Songs written about a loved one is always going to be personal to the person who wrote it or to anyone in a similar situation who can relate to it. The same must apply to songs written about pets because pet owners will usually get very attached to it, but, oddly, this week’s choice is a song written about someone else’s pet.
Henry Gross was a one hit wonder in the UK, his only hit was called Shannon. He grew up in Brooklyn, New York and because his mother loved music, she encouraged her son to become a musician. He learned to play a number of instruments including the guitar, ukulele and sitar and by the time he was 14 he began playing in small clubs around the New York area. In 1969, when he was 18, he became a political science and speech major at Brooklyn College and was a member of a band called Orogeny which is the technical name for a formation of mountains. Whilst there he and a couple of school mates had the idea to form a fifties revival band which they called Sha Na Na.
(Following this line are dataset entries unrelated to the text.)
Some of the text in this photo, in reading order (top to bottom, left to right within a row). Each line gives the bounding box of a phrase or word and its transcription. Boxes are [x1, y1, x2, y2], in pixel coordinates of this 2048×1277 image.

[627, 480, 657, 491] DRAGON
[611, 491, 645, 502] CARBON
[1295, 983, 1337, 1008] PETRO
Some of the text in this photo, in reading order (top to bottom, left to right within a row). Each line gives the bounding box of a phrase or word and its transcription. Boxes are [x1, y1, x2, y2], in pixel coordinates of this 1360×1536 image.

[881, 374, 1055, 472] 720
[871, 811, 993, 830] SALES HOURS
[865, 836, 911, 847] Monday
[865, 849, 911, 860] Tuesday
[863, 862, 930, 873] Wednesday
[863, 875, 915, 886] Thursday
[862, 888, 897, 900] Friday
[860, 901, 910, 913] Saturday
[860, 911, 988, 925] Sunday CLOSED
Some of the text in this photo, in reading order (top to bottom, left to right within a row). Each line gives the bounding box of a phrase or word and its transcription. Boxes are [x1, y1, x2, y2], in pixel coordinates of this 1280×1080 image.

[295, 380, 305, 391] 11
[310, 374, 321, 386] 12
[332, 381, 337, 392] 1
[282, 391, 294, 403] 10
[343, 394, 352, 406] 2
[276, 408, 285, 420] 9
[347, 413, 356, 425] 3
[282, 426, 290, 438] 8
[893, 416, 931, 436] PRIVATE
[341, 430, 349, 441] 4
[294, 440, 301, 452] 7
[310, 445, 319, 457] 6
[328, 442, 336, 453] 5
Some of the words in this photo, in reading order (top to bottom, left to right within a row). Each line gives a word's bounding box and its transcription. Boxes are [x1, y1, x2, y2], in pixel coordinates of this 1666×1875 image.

The same year they played at Woodstock and in doing so Gross became the youngest person to play the main stage. In 1970, he decided to depart for a solo career.
It took six years until Gross first graced the US chart with the track One More Tomorrow which reached the dizzy heights of number 93. Gross was a fan of the Beach Boys and paid a visit to Carl Wilson and Gross revealed in an interview with Bruce Nash and Allan Zullo what they talked about, “Carl told me that he had an Irish setter named Juliet and it was killed by a car. I related to it strongly because, at the time, I had an Irish setter too and her name was Shannon. It was corny, but it really touched me because I knew how I’d feel if my Shannon had died, so I went home and wrote the song in about 10 minutes. I’m a real animal rights person and loved my dog so much that it was easy for me to write the song.” He went on to explain about likening the background music to the sound of the ocean, “I was living in an apartment in Queens and there was a guy from Colombia living on the floor directly above me and he had these great big speakers on the floor and in the afternoons he’d blast his salsa music. It was really great music but I couldn’t think nor write because it was so loud. So I went out and bought an environmental sound record called The Ultimate Seashore and played it at full blast to drown out the bass coming from upstairs. Those ocean sounds put me in the right frame of mind to write Shannon.”
He recorded the track onto a cassette and sent it to Carl Wilson hoping the Beach Boys would record it. It even had the falsetto sound the Beach Boys could produce. “I never heard from anyone about it, so I recorded it myself and put it on my album,” Gross recalled.
Gross was signed to A&M records at the time and he was teamed with producer Terry Cashman. Terry wasn’t over keen on the song until he saw Gross perform it live and that changed his mind, so much so that he bought Gross’ contract from A&M and signed him to his own newly-formed Lifesong label. The execs at the label preferred to release a track from the album called Springtime Mama believing it had more potential than the story of a deceased canine but Gross said, “I didn’t want to hear about it. I loved Shannon and believed in it. To me, it’s the best thing I’d ever written and I wanted to go with it without further ado.”
In the mid-eights Gross moved to Nashville and continued songwriting and recording. He formed his own Zelda Record label and released the album Nothing but Dreams. In 2006 he recorded an album called One Hit Wanderer which is also the name of his one-man show which he still performs around the States. In 2016, Joe Brown began a UK tour an invited Gross, his long-term friend over to share the stage where they perform songs from both of their repertoires. It was a great success and in January 2018, the pair took to the road again for three months and this time it was recorded for a live album.